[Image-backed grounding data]
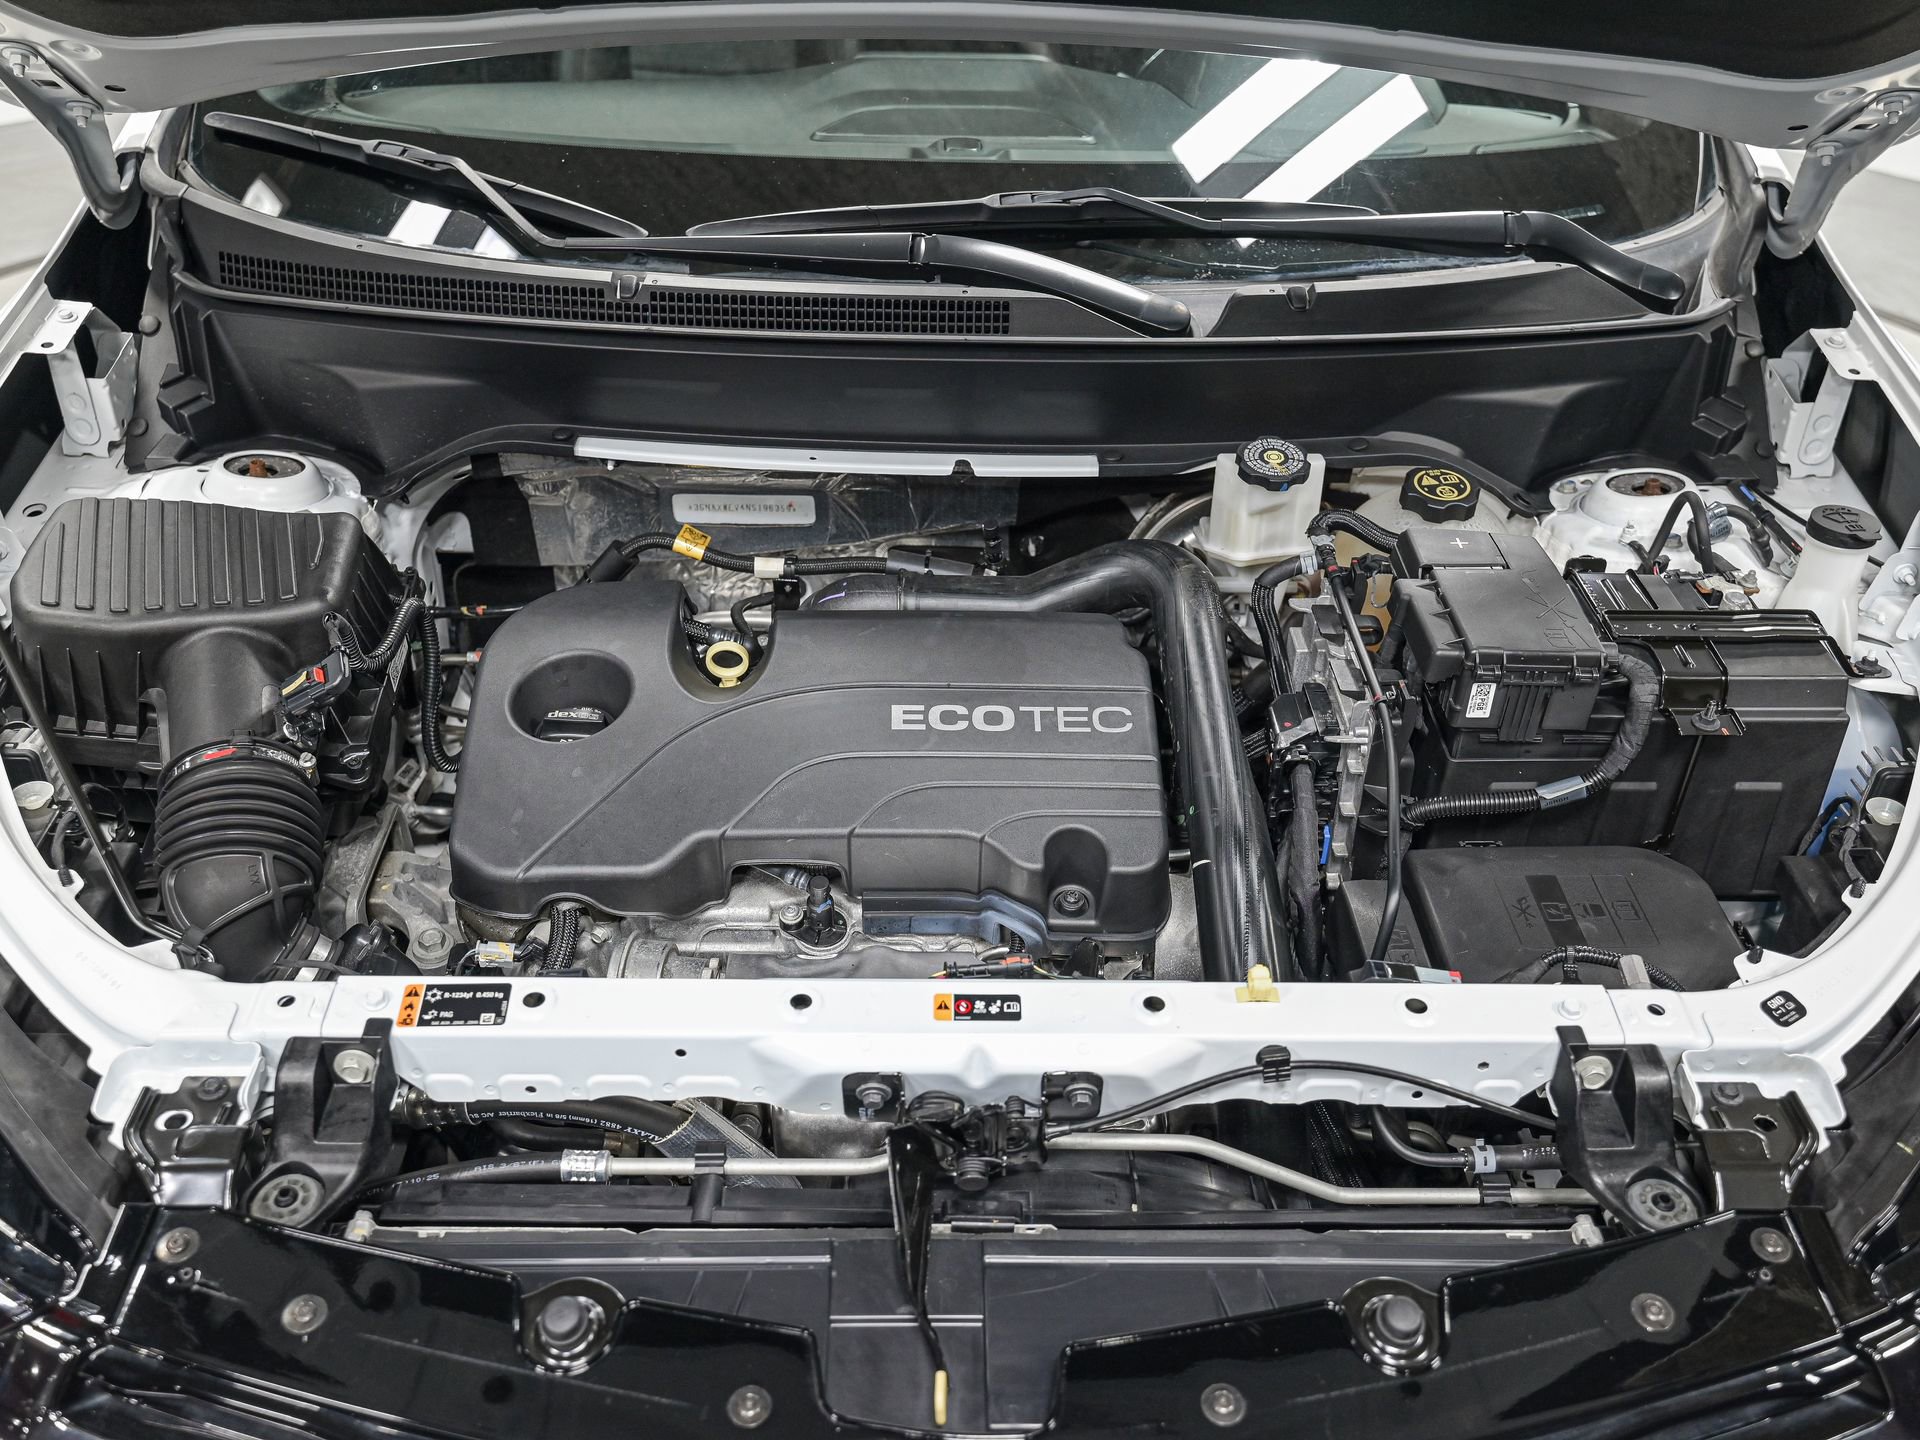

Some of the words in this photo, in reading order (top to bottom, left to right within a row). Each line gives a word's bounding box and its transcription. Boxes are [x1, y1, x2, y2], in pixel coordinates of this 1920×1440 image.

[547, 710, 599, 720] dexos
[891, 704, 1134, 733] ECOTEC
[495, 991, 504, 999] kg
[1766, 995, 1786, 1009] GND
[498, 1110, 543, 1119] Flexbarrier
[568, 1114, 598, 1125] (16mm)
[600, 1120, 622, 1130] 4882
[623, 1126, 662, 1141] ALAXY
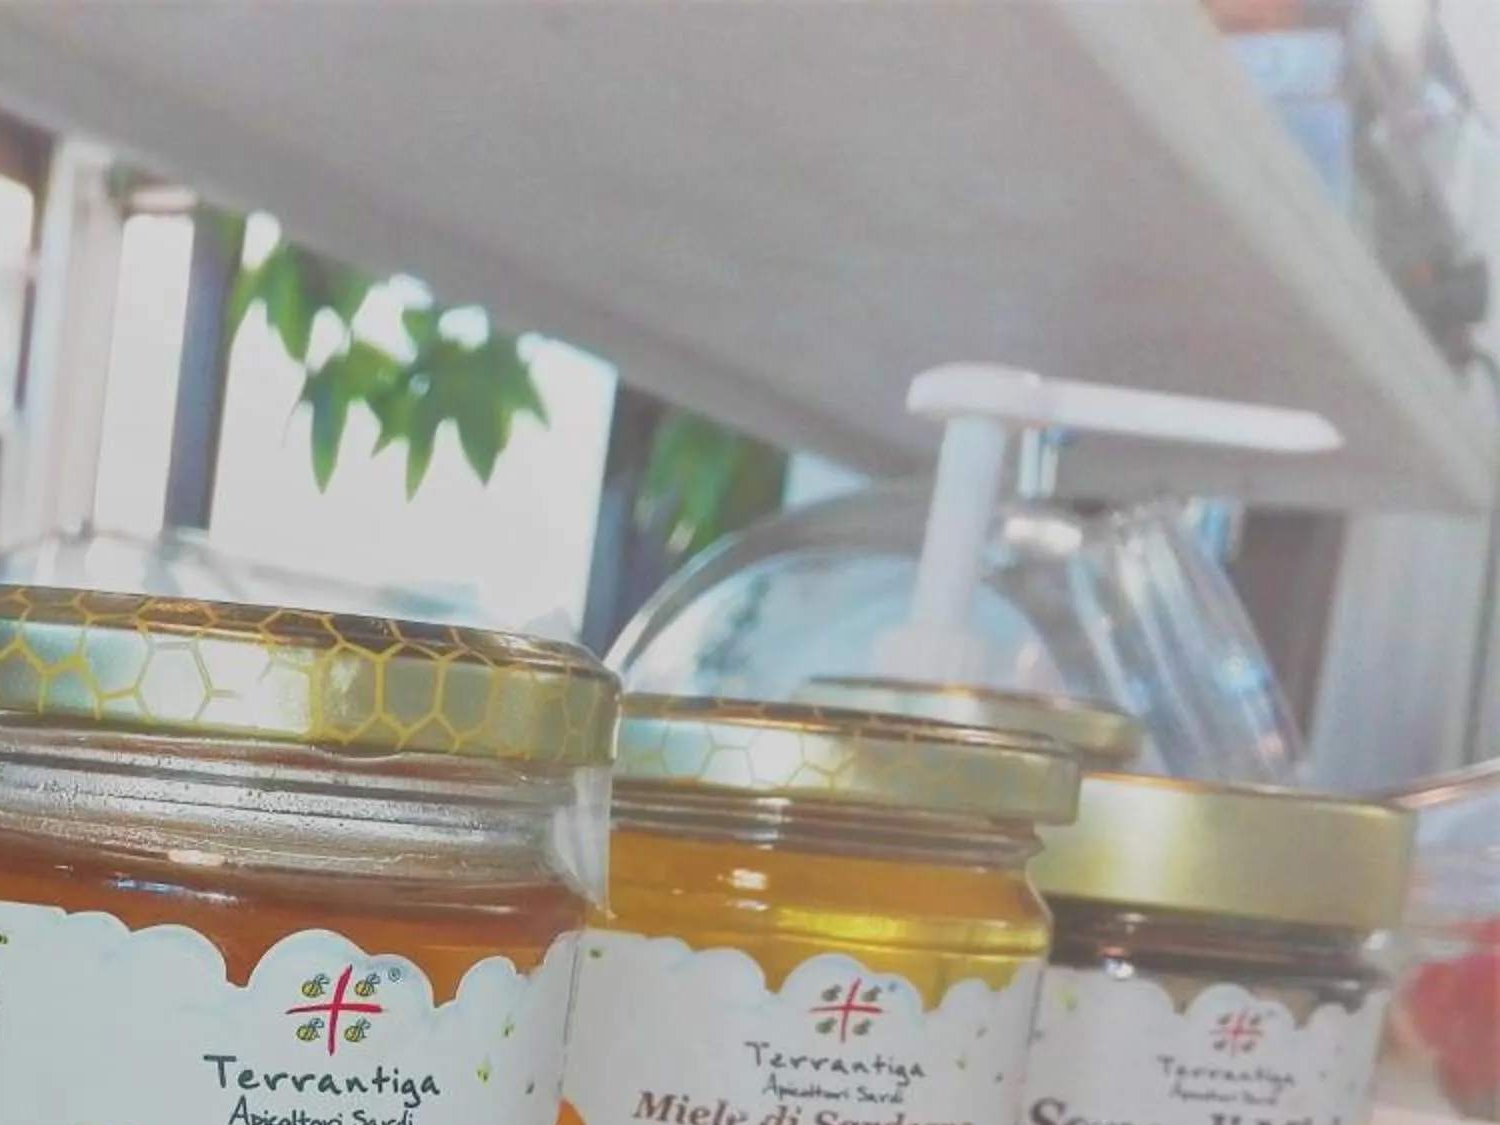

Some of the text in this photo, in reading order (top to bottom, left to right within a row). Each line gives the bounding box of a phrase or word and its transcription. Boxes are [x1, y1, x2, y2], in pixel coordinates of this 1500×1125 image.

→ **WORK ITEM**: The entries are to be printed exactly as written; the pictures are to be left out.

→ **RESULT BELOW**:
Some of the words in this photo, in reading order (top to bottom, left to right within a row). Each line gives a word's bounding box and its transcription. Boxes are [x1, y1, x2, y2], in pixel coordinates of this 1920×1440 image.

[547, 710, 599, 720] dexos
[891, 704, 1134, 733] ECOTEC
[495, 991, 504, 999] kg
[1766, 995, 1786, 1009] GND
[498, 1110, 543, 1119] Flexbarrier
[568, 1114, 598, 1125] (16mm)
[600, 1120, 622, 1130] 4882
[623, 1126, 662, 1141] ALAXY

Some of the text in this photo, in reading order (top to bottom, left to right within a row). Each line gives the bounding box of a phrase or word and its transcription. Boxes are [x1, y1, x2, y2], in pixel coordinates of this 1500×1125 image.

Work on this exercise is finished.